Frankfurter Allgemeine Zeitung - Rezension
Frankfurter Allgemeine Zeitung | Besprechung von 05.08.2004

Heidelberger Schreibtischheroe
Der Erste Weltkrieg und die revolutionären Ereignisse 1918/19 in den Tagebüchern des Historikers Karl Hampe

Karl Hampe: Kriegstagebuch 1914-1919. Herausgegeben von Folker Reichert und Eike Wolgast. R. Oldenbourg Verlag, München 2004. 1020 Seiten, 118,- [Euro].
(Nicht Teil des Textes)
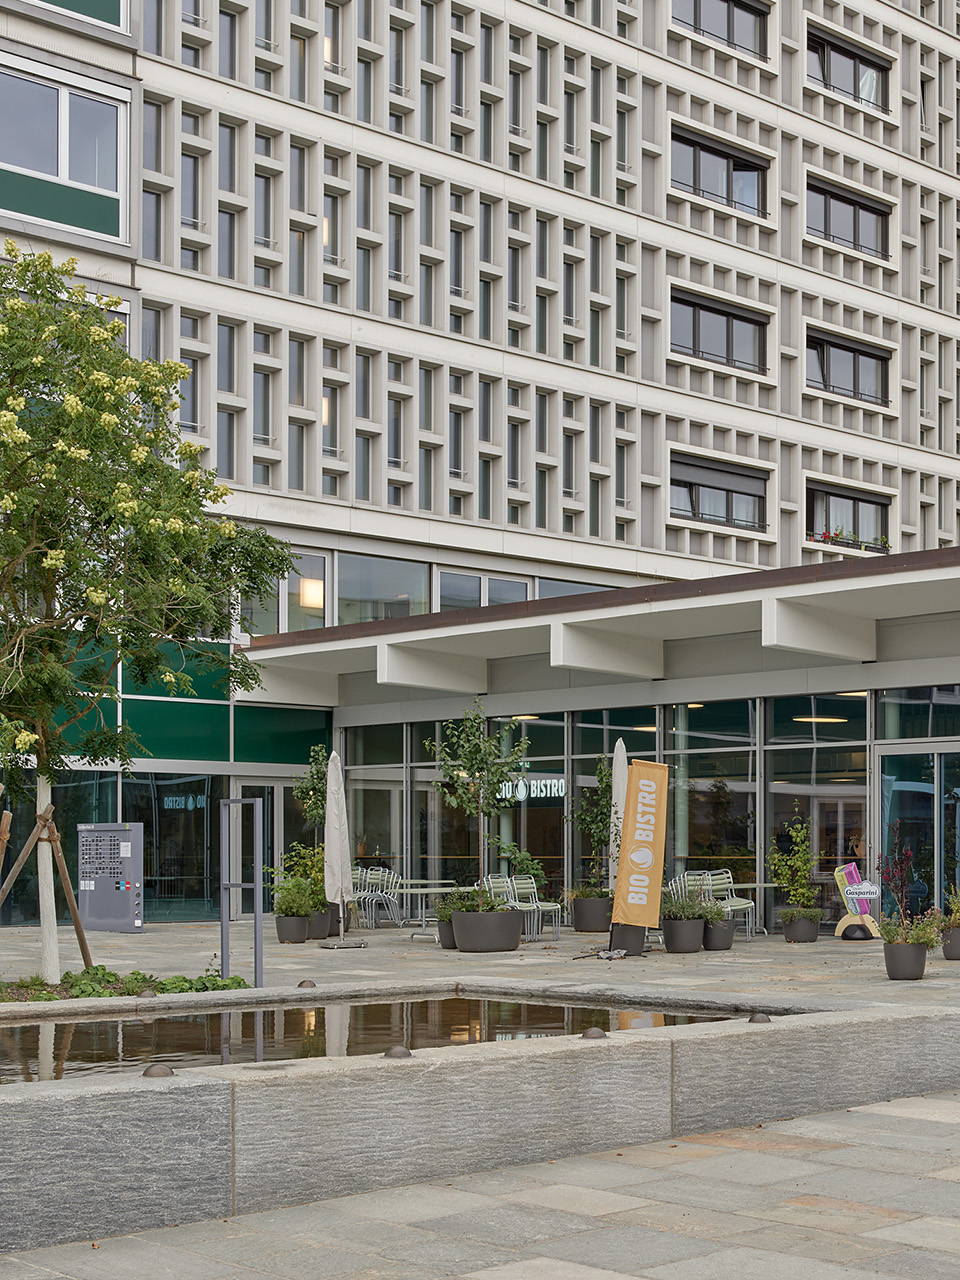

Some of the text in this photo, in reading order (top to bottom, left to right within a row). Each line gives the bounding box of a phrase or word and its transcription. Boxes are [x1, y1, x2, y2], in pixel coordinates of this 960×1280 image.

[530, 779, 565, 797] BISTRO
[627, 779, 657, 905] BIO BISTRO
[846, 889, 877, 897] Gasparini
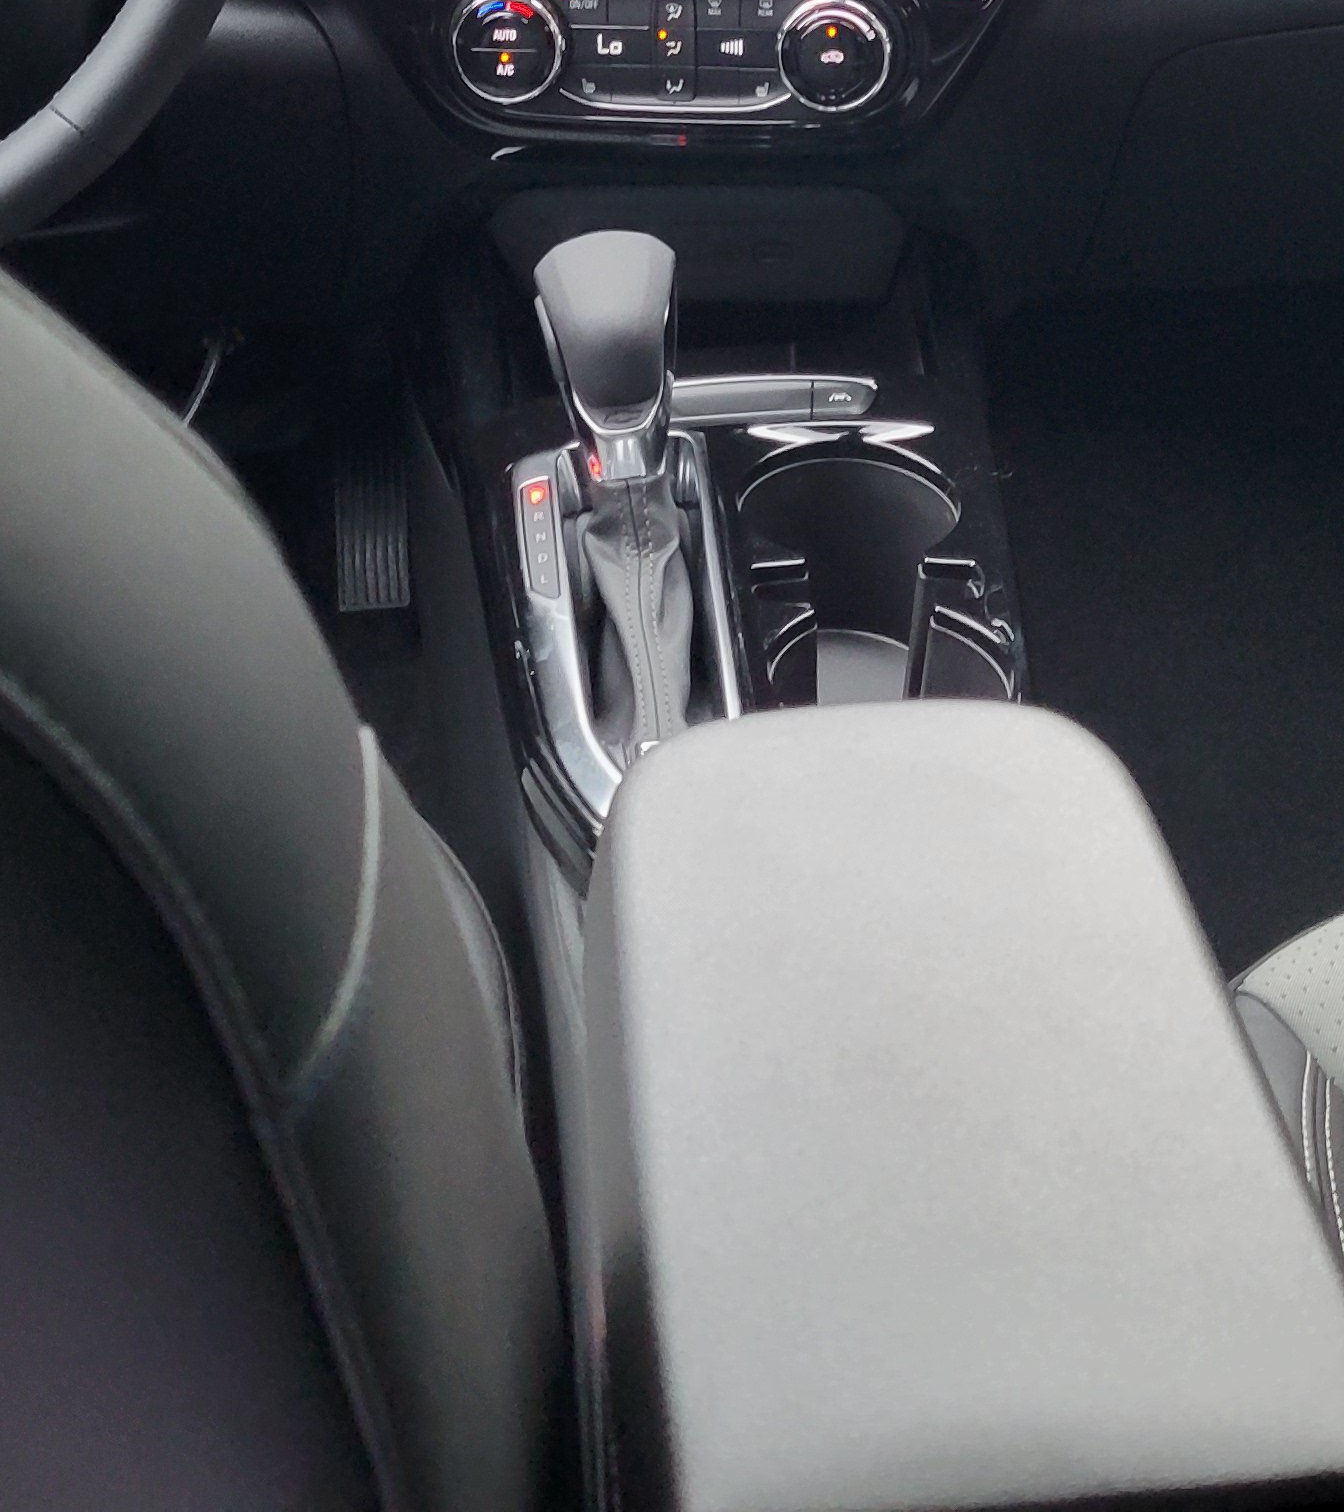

Die geringe Zahl der ungekürzt und im Wortlaut akribisch edierten Tagebücher zur Neuesten Geschichte erfährt mit der Publikation der täglichen Aufzeichnungen eines Heidelberger Professors für Mittlere und Neuere Geschichte und Mitglieds der im Dezember 1918 gegründeten "Deutschen Demokratischen Partei" eine beeindruckende Erweiterung. Die Edition umfaßt den Zeitraum des Ersten Weltkriegs, der Revolution von 1918/19 und der ersten Jahre der Weimarer Republik. Karl Hampe (1869-1936) stammte aus Bremen, das für den musikalischen, dem Theater, der Dichtung und den Bildenden Künsten Zugewandten mit seiner "Luft einer freien und edlen Humanität" die "deutsche Stadt schlechthin" darstellte. Er studierte Germanistik, Geschichte und Nationalökonomie, wurde 1894 mit einer Studie über die "Geschichte Konradins von Hohenstaufen" promoviert und arbeitete an den "Monumenta Germaniae Historica". Hampe habilitierte sich als 32jähriger in Bonn und lehrte seit 1903 in Heidelberg für 31 Jahre als Nachfolger Dietrich Schäfers neben Erich Marcks, Hermann Oncken und Willy Andreas.

Unter dem Eindruck des Zusammenbruchs des Wilhelminismus, des verlorenen Krieges und der revolutionären Gefahren wandelte er sich 1919 zum "Vernunftrepublikaner" und engagierte sich in der linksliberalen DDP. Ihr blieb er auch noch verbunden, als sie sich in der Zeit der Präsidialkabinette unter Theodor Heuss und Reinhold Maier als "Staatspartei" nach rechts orientierte. Mit dem Ablauf des Wintersemesters 1933/34 ließ Hampe sich vorzeitig pensionieren, weil es ihm nach der Regierungsübergabe an die Hitler-Hugenberg-Koalition offensichtlich nicht mehr gelang, "zu retten, was sich in Wort und Schrift noch retten läßt".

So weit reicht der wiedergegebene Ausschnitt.